Rozdział 1

29 5 0
                                    

-Dereko! Dereko!

Niechętnie otworzyłam oczy i spojrzałam na mojego ojca.

Wstawaj ! Spóźnisz się !

Znowu to samo. Jak zwykle.. Wyspanie się w niebie powinno być mega łatwe. Otóż nie szkoła.. Obowiązki a bycie córką prawej ręki Boga nie ułatwia niczego

-Dereka ! Dziecko słyszysz mnie ?

- Ymm tak tato już wstaje

Anioł opuścił pomieszczenie. Zostałam sama. Przeciągnęłam się i nie chętnie wyszłam spod cieplutkiej kołdry. Brr jak zimnoo...
Pobiegłam szybko do łazienki. Stanęłam przed wielkim lustrem ozdobionym błyszczącymi kamyczkami. Spojrzałam na swoje odbicie.
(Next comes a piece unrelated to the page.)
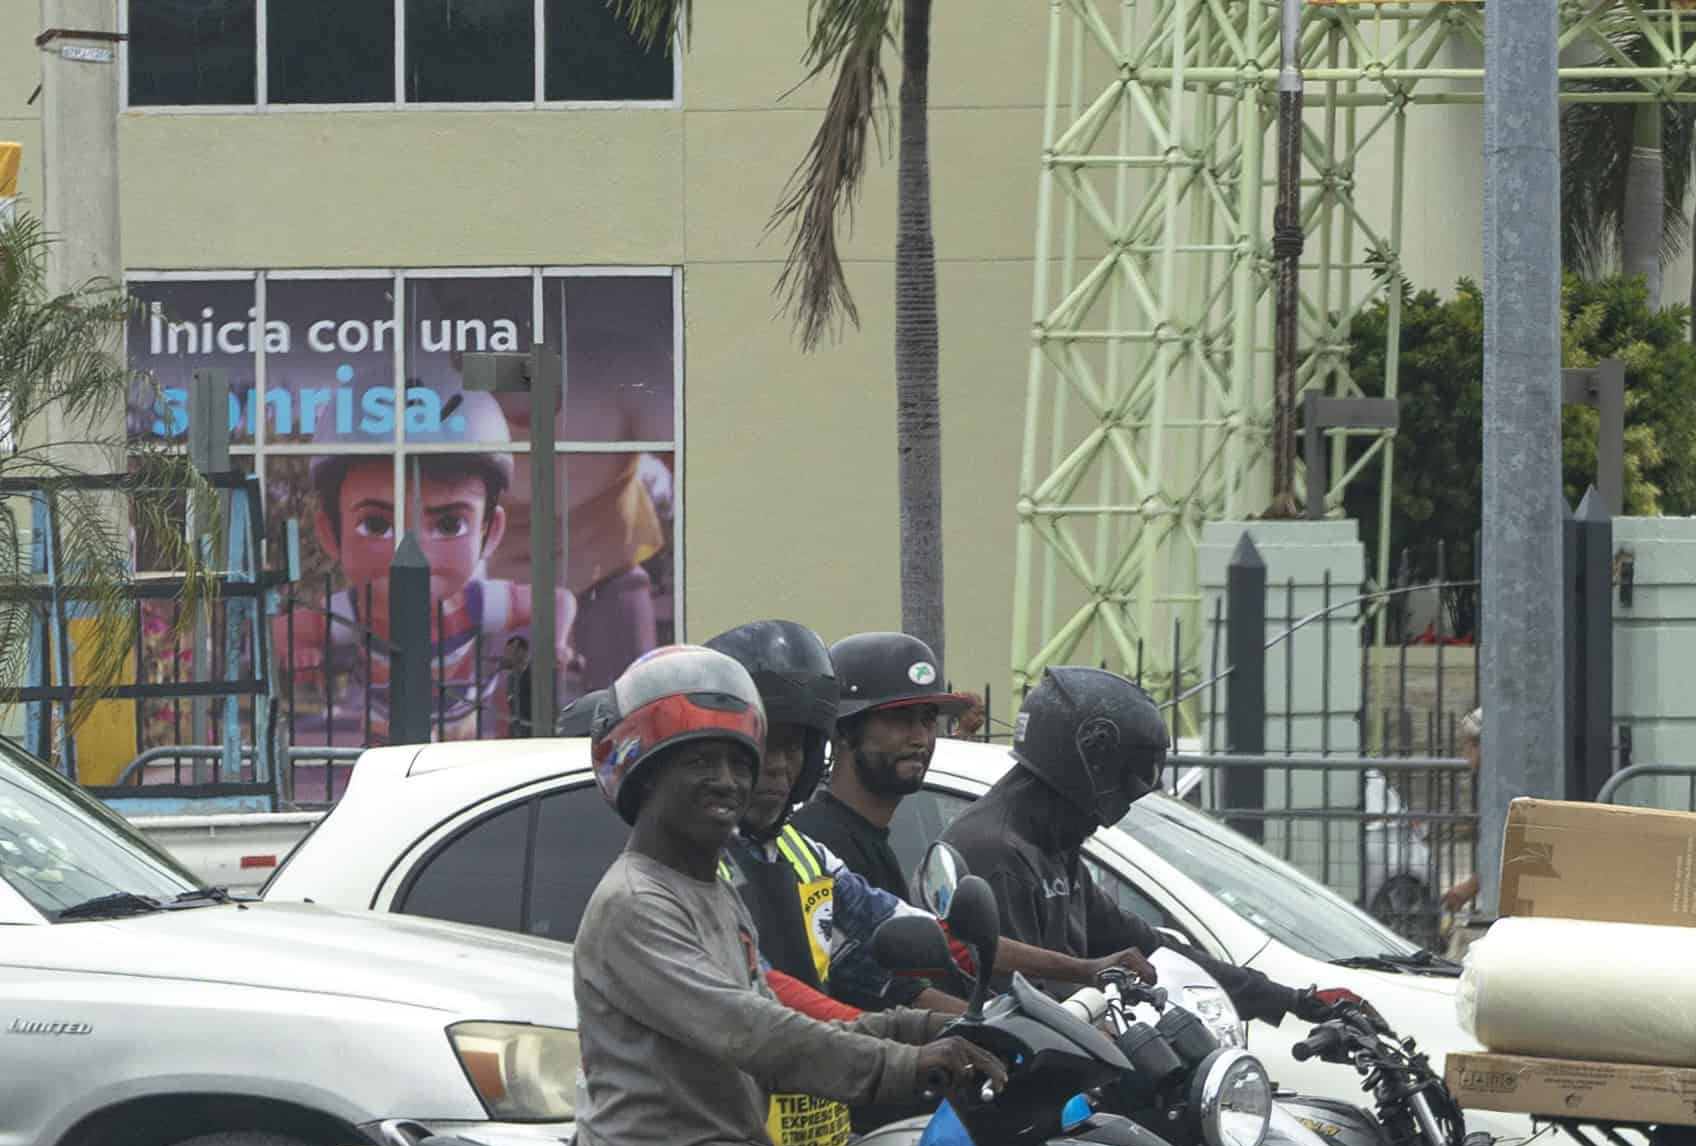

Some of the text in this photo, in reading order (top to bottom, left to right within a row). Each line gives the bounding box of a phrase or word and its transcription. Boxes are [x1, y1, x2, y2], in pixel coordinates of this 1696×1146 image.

Chuda dziewczyna o błękitnych jak niebo oczach. Długie srebne niczym spienione fale włosy opadały lekko na ramiona. Gdyby nie wyrastające z pleców długie i silne skrzydła o kolorze chmur ze złotą poświatą słońca ktoś mógłby mnie wziąść za zwykłą ziemską dziewczynę.

Oderwałam spojrzenie od swojego odbicia i pomaszerowałam prosto pod prysznic. Woda obmywała delikatnie moje ciało. Malutkie kropelki muskały moją skóre. Zakręciłam wodę. Owinęłam się szczelnie ręcznikiem. Teraz było największe wyzanie dnia. Uporządkować bałagan panujący na mojej głowie. Rozczesywanie skołtunionych , lekko potarganych włosów zajęło mi dobre pół godziny. W końcu się udało. Ubrałam się w błękitną sukienkę i ruszyłam prosto na śniadanie. Dopiero teraz poczułam jak bardzo jestem głodna.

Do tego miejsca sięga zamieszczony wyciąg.